Prof. Dr. Andreas Zimmermann
E-mail: a.zimmermann@uni-koeln.de
Research Interests:
Population dynamics; Landscape and economical archaeology; Quantitative Methods in Archaeology; Applied theories
Biography
Andreas Zimmermann is Professor Emeritus at the Department of Prehistoric Archaeology, University of Cologne. He studied Prehistoric Archaeology in Cologne and Tübingen and initially specialized in stone artefact analysis. His dissertation (University of Tübingen, 1982) dealt with an assemblage from the first farmers in Central Europe between 5300 and 5000 BC (Linearbandkeramik), which was excavated in the lignite mining area between Cologne and Aachen. As a Senior Researcher at the Goethe University Frankfurt, he wrote his habilitation thesis (1992) on exchange systems of these first farmers in western Central Europe, focusing on socio-economic aspects. Before being appointed Professor at Cologne, he taught at the University of Göttingen and Heidelberg University, and focused on the Neolithic in the lignite mining area. Currently he is exploring patterns of prehistoric population dynamics.
Project Abstract
Nested Scales of Time in Archaeology
The conceptual time model proposed by Gordon Childe allows best to contrast consequences for interpretation with other scaling approaches. He distinguished episodes of fast and slow development of two different magnitudes of duration. In analogy to the term “Industrial Revolution”, he coined the labels of “Neolithic” and “Urban Revolution” to denote episodes of fast demographic growth within the long-term perspective. Between these Great Transformations, slow developments characterize the “Longue Durée” as proposed by the Annales school of History. In archaeology, the term “epoch” is used to denote such time units of several or many thousand year’s duration. In a perspective of much shorter time span, Childe speaks of series of troughs and crests. The equivalent of the Annales is “Conjoncture”. In today’s archaeological English literature, the terms “Booms and Busts” are used to describe such patterns often lasting several hundred years. Within such patterns, the theoretical approach of “Adaptive Cycles” distinguishes between a growth, a conservation, a distortion, and a reorganization phase. Conservation and reorganization phases are episodes of slow development in an equilibrium corresponding to the dynamic equilibrium of epochs. The distortion phase is highly dynamic similar to the growth phase which is less developed than one of the Great Transformations.

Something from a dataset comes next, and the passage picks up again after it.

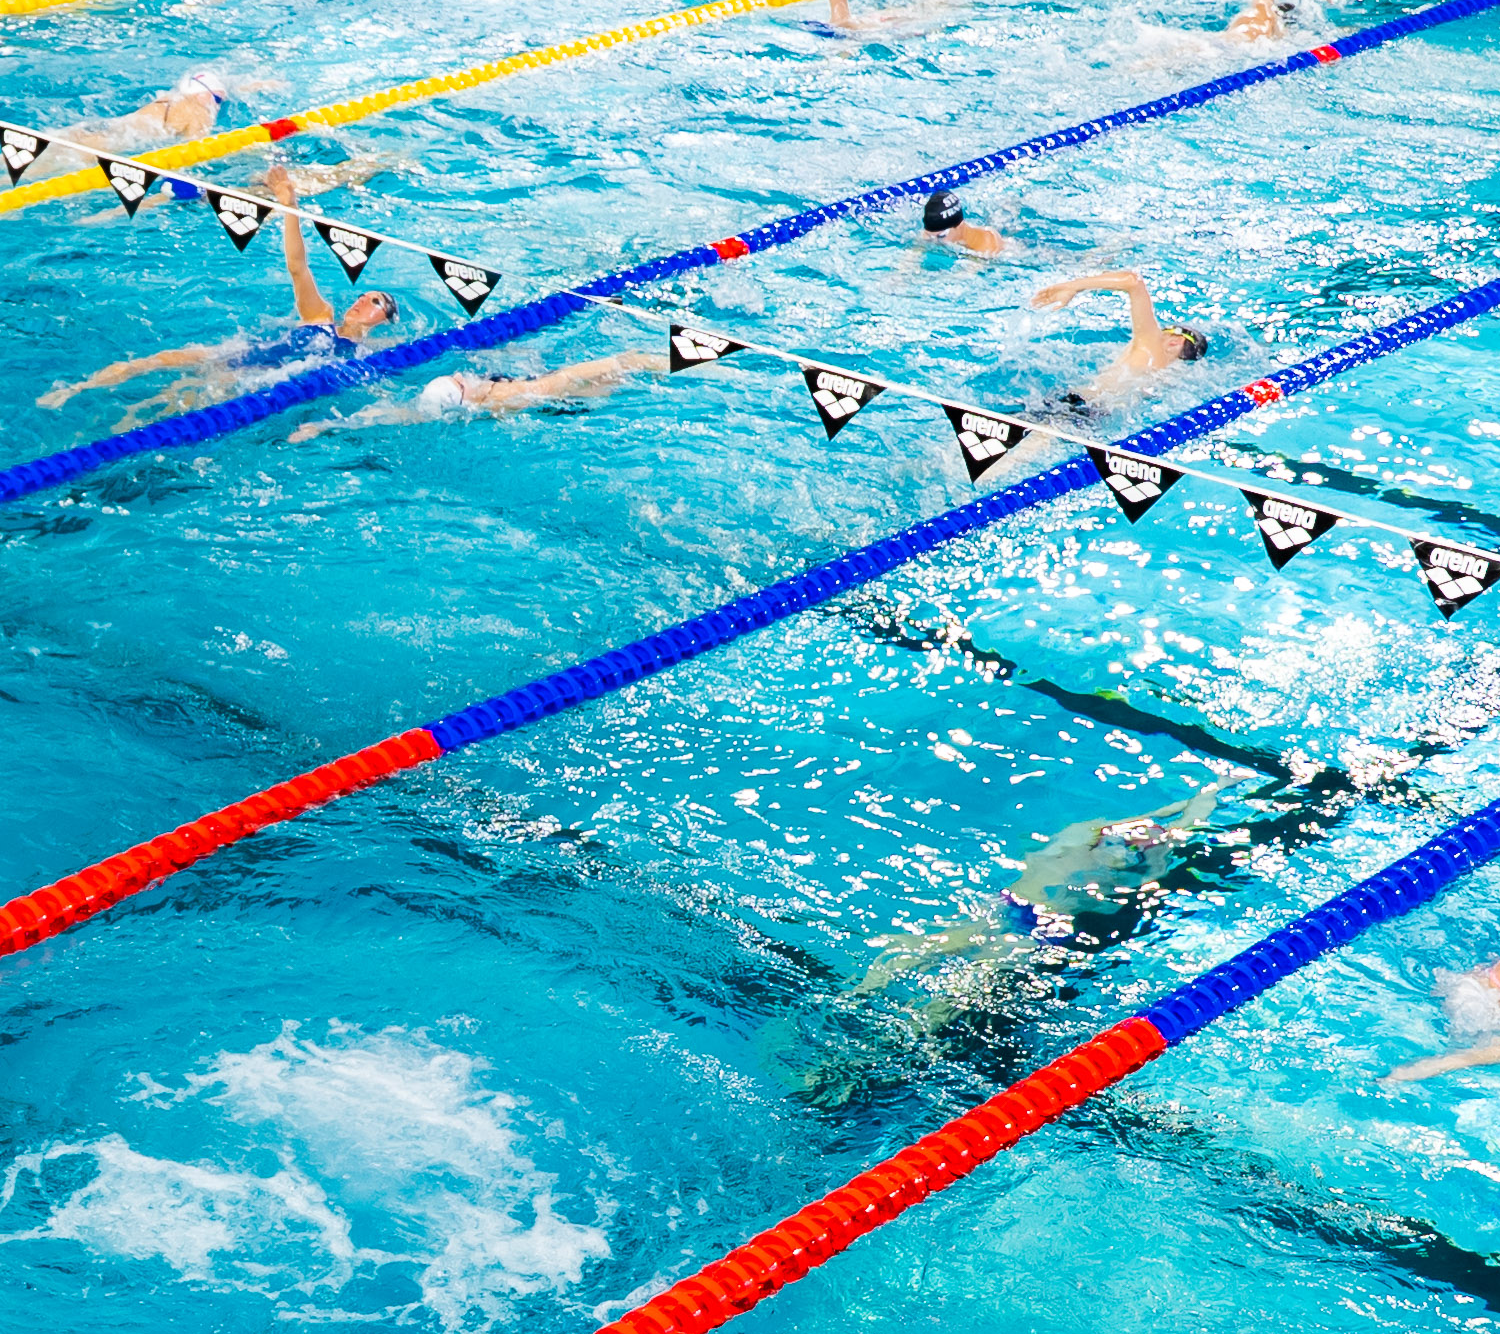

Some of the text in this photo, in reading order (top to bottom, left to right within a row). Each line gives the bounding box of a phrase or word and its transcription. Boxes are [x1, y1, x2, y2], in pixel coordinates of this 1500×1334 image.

For a better understanding of historical developments, it is necessary to zoom in or out on an appropriate time scale. Analogous to the individual episodic memory, a higher time resolution is needed for episodes with rapid change than for episodes with slow change. Another analogy to individual memory is decreasing information density for the remote past, which could be represented by logarithmic scaling. For a holistic understanding, however, these scales of times have to be considered as nested. Long periods of time tend to provide conditions for adaptation; agency becomes visible when focusing on short periods of time.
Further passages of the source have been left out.